> How to complete this task: Your copy of the listing must be exact and must hold no images.

----

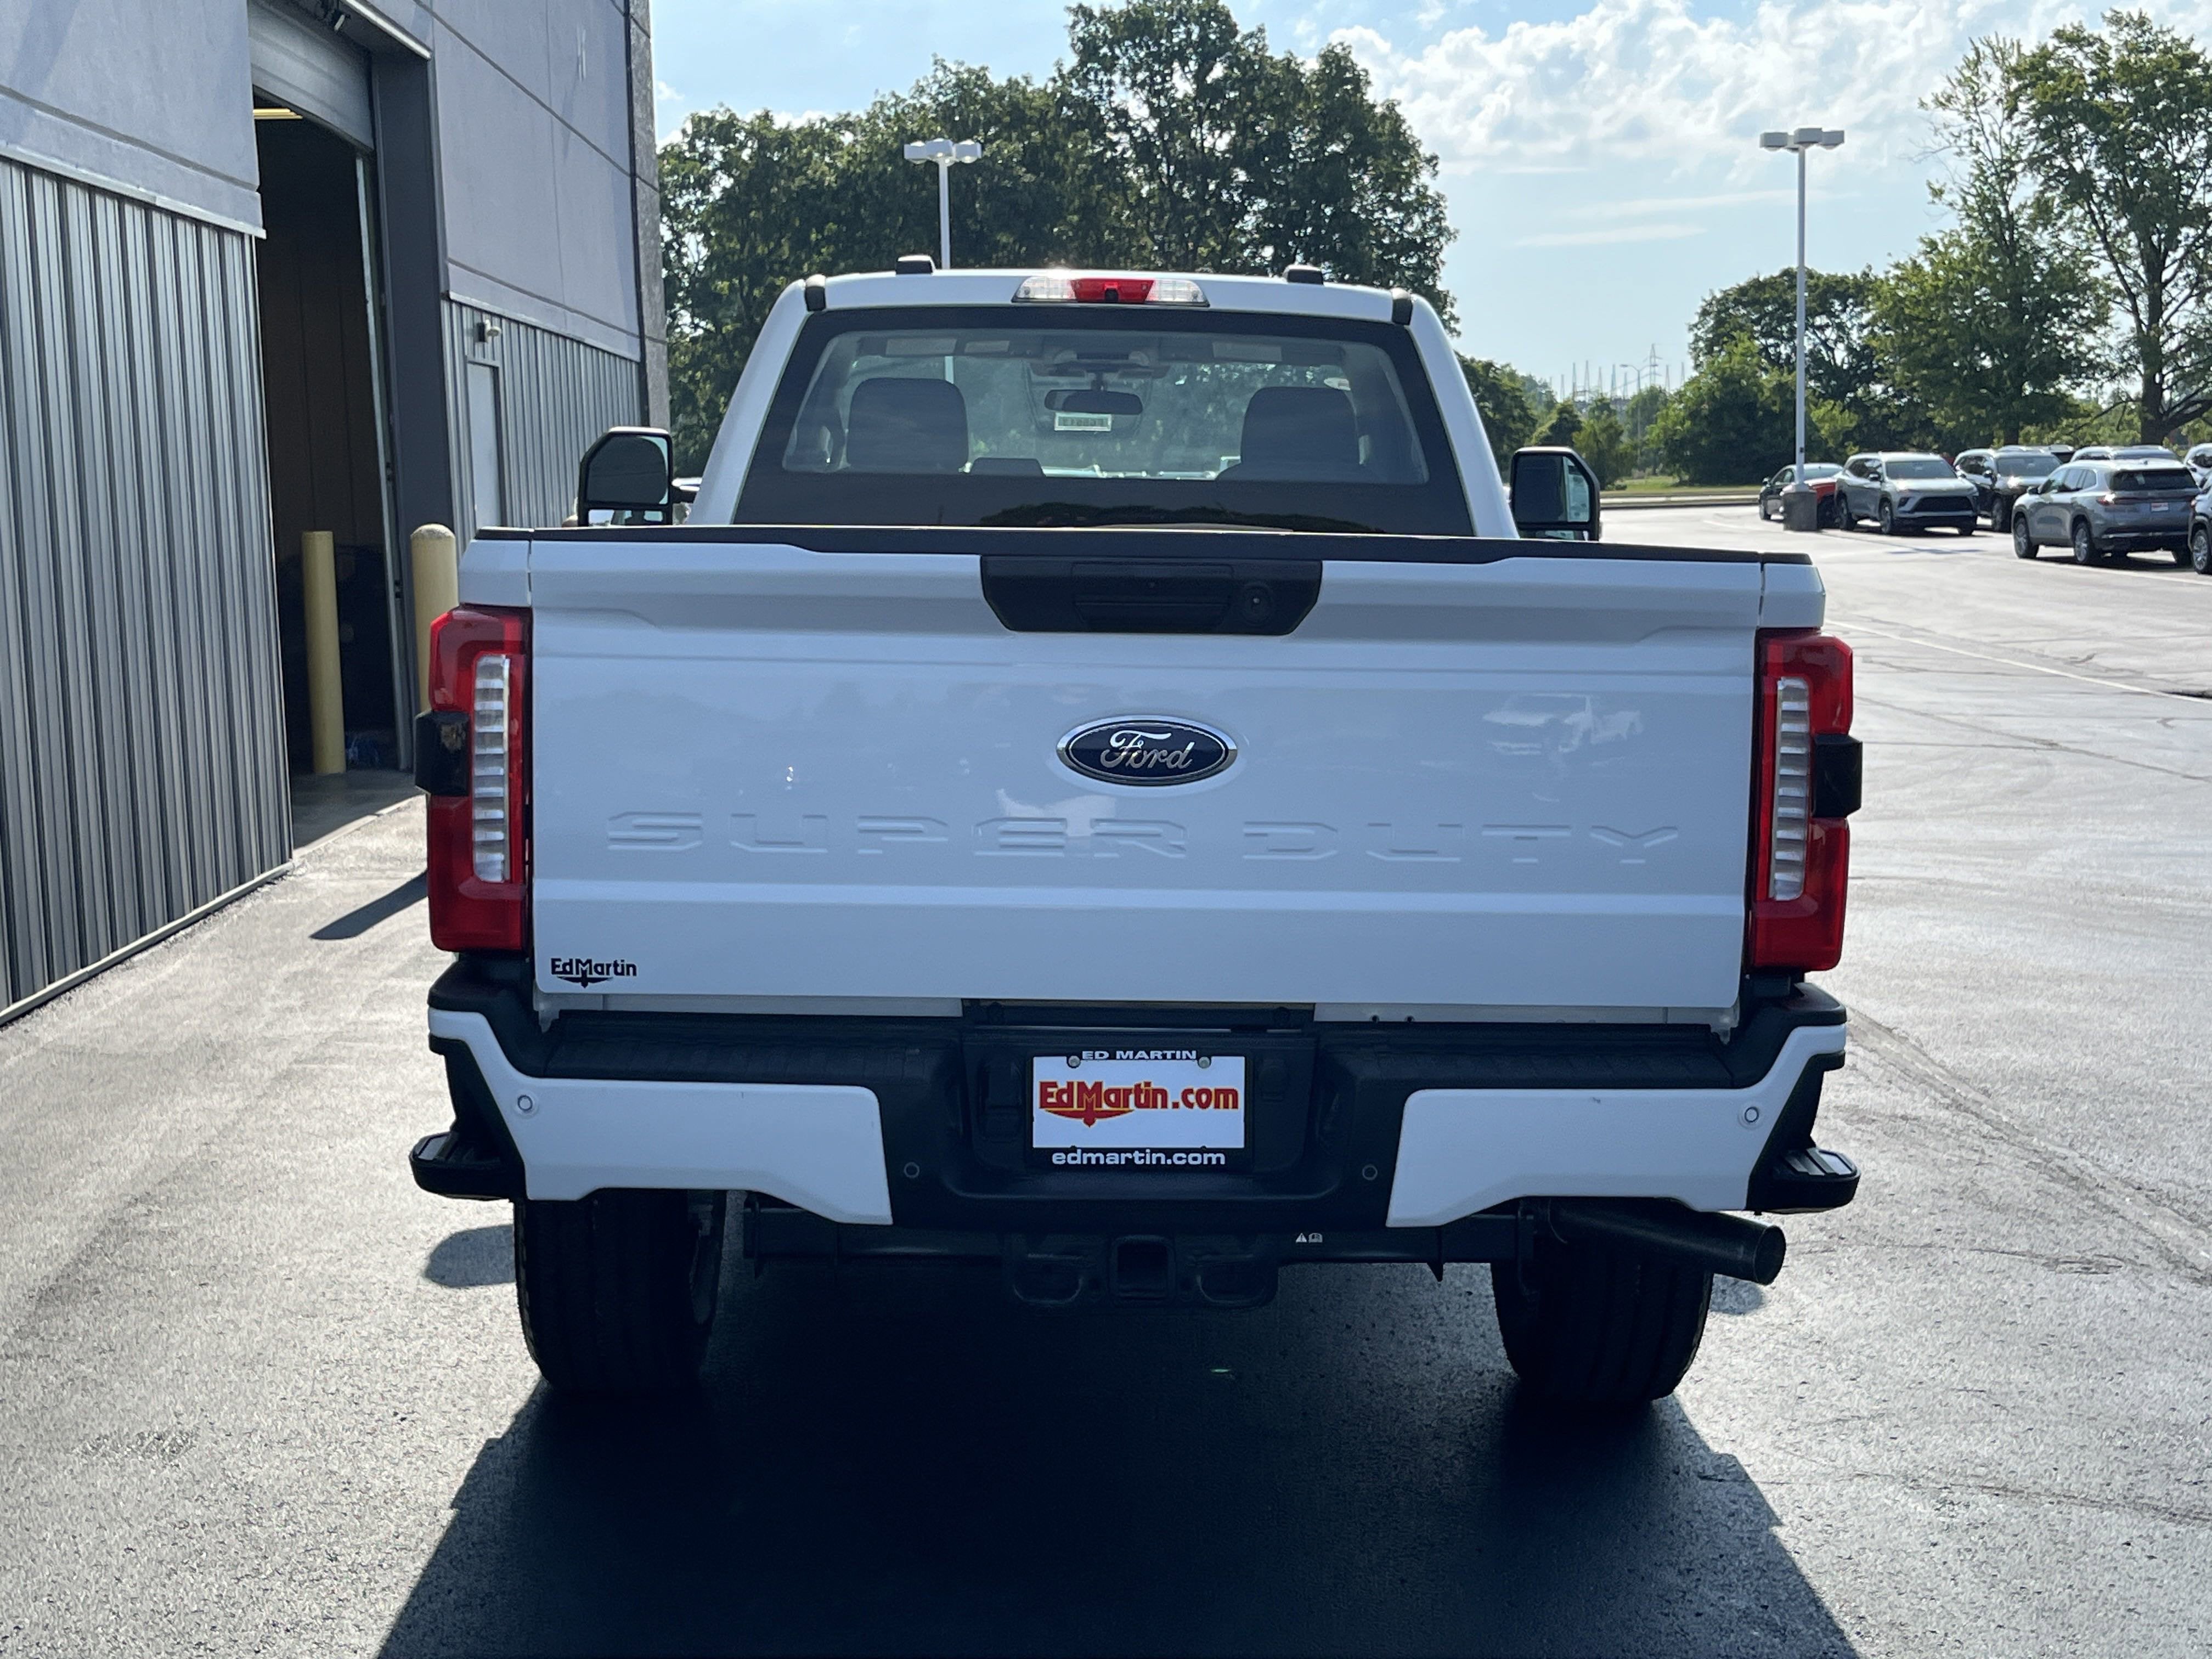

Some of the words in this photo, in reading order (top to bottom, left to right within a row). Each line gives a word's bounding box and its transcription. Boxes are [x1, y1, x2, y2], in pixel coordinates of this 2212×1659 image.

[1099, 730, 1195, 769] Ford
[607, 812, 1188, 859] SUPER
[1242, 821, 1680, 865] DUTY
[550, 958, 637, 977] EdMartin
[1082, 1050, 1109, 1060] ED
[1116, 1050, 1197, 1060] MARTIN
[1039, 1081, 1239, 1110] EdMartin.com
[1052, 1149, 1226, 1165] edmartin.com
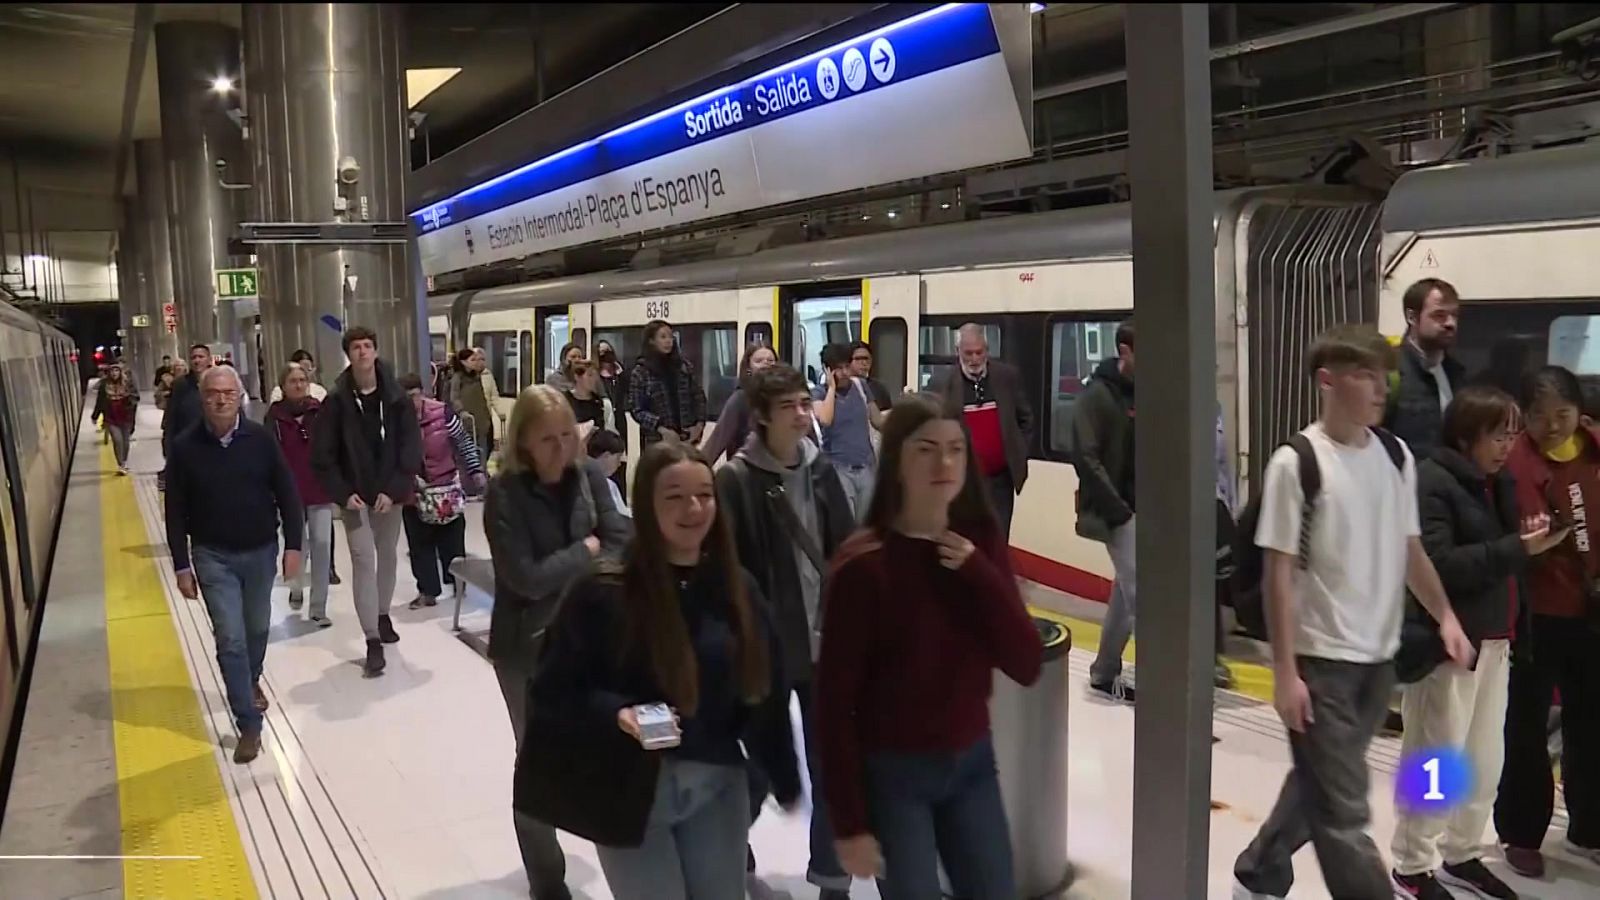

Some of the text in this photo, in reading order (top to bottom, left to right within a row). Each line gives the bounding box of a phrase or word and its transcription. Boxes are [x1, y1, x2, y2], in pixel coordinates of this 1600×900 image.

[684, 96, 744, 138] Sortida
[755, 73, 812, 115] Salida
[487, 167, 726, 249] Estació Intermodal-Plaça d'Espanya
[646, 301, 670, 318] 83-18
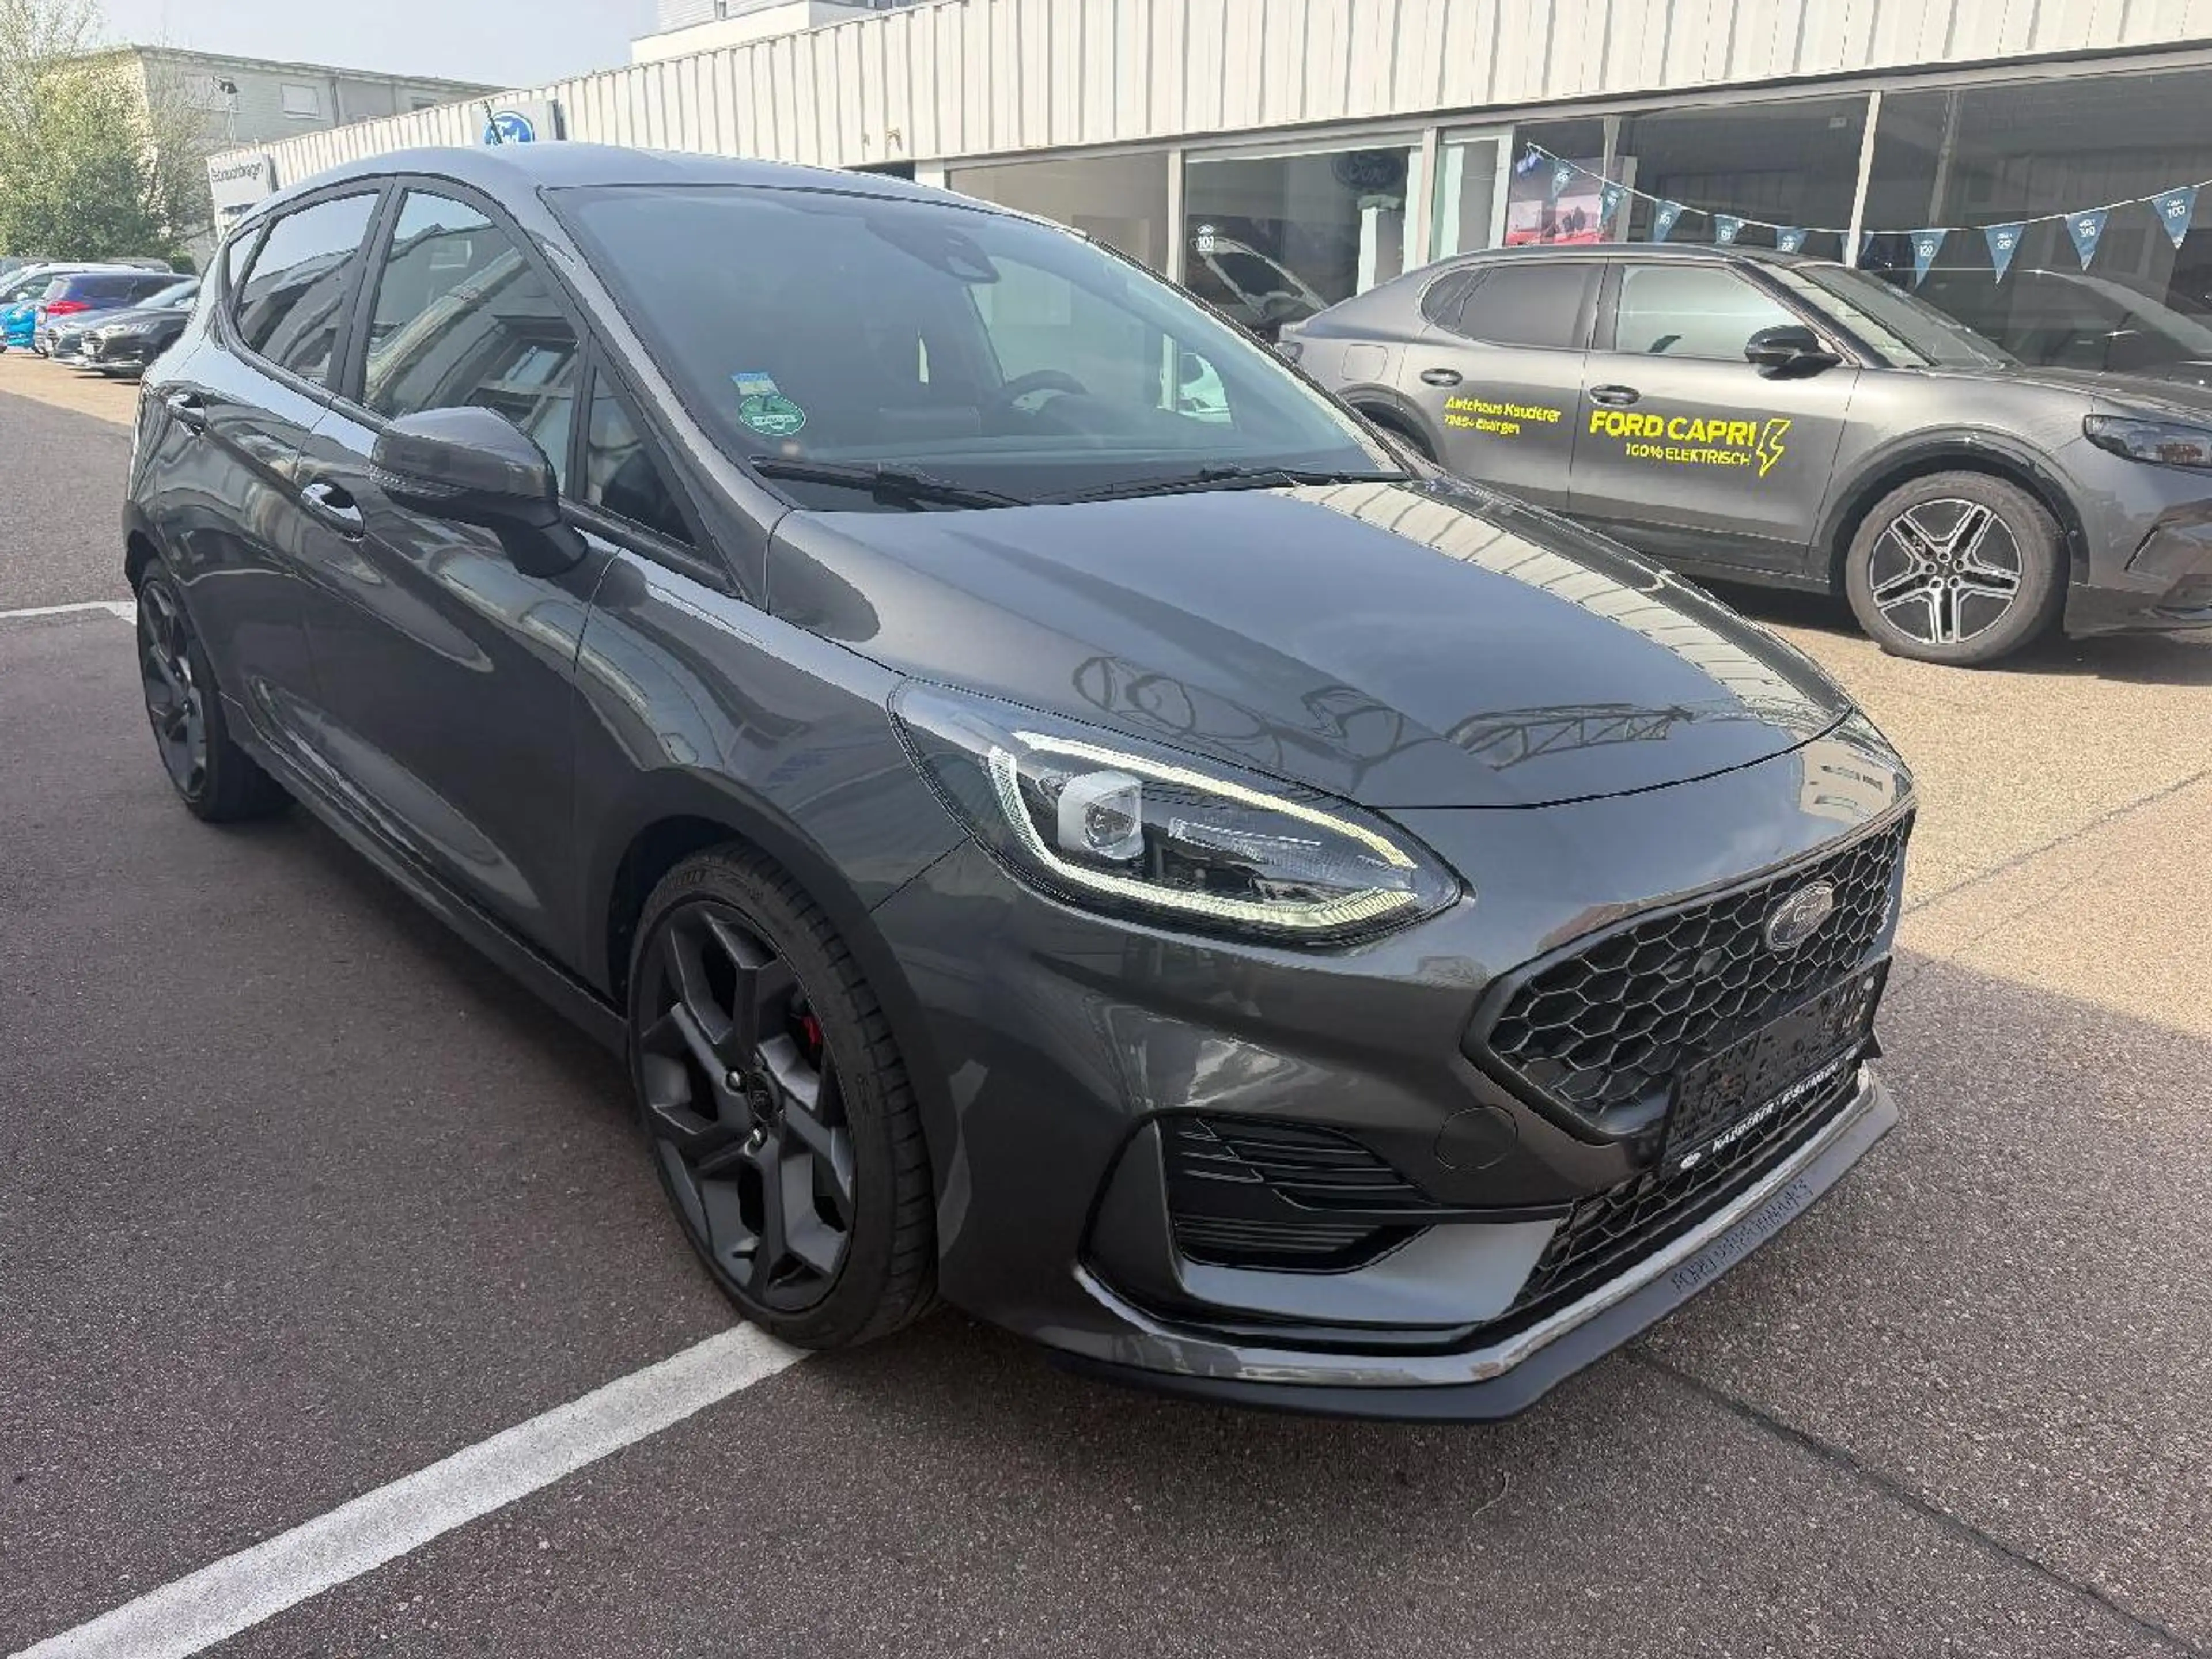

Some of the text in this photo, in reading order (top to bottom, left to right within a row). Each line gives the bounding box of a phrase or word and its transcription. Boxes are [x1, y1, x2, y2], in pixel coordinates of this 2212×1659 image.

[1504, 403, 1561, 422] Kauderer
[1589, 410, 1758, 447] FORD CAPRI
[1626, 442, 1751, 467] 100% ELEKTRISCH

----

> Finished exercise:
Some of the words in this photo, in reading order (top to bottom, left to right within a row). Each line gives a word's bounding box and its transcription. Boxes are [x1, y1, x2, y2], in pixel coordinates of this 2212×1659 image.

[1099, 730, 1195, 769] Ford
[607, 812, 1188, 859] SUPER
[1242, 821, 1680, 865] DUTY
[550, 958, 637, 977] EdMartin
[1082, 1050, 1109, 1060] ED
[1116, 1050, 1197, 1060] MARTIN
[1039, 1081, 1239, 1110] EdMartin.com
[1052, 1149, 1226, 1165] edmartin.com

Some of the text in this photo, in reading order (top to bottom, left to right within a row). Each line gives the bounding box of a phrase or word and its transcription. Boxes are [x1, y1, x2, y2], in pixel coordinates of this 1600×900 image.

[684, 96, 744, 138] Sortida
[755, 73, 812, 115] Salida
[487, 167, 726, 249] Estació Intermodal-Plaça d'Espanya
[646, 301, 670, 318] 83-18

Some of the text in this photo, in reading order (top to bottom, left to right within a row). Each line gives the bounding box of a phrase or word and its transcription. Boxes are [x1, y1, x2, y2], in pixel coordinates of this 2212×1659 image.

[1504, 403, 1561, 422] Kauderer
[1589, 410, 1758, 447] FORD CAPRI
[1626, 442, 1751, 467] 100% ELEKTRISCH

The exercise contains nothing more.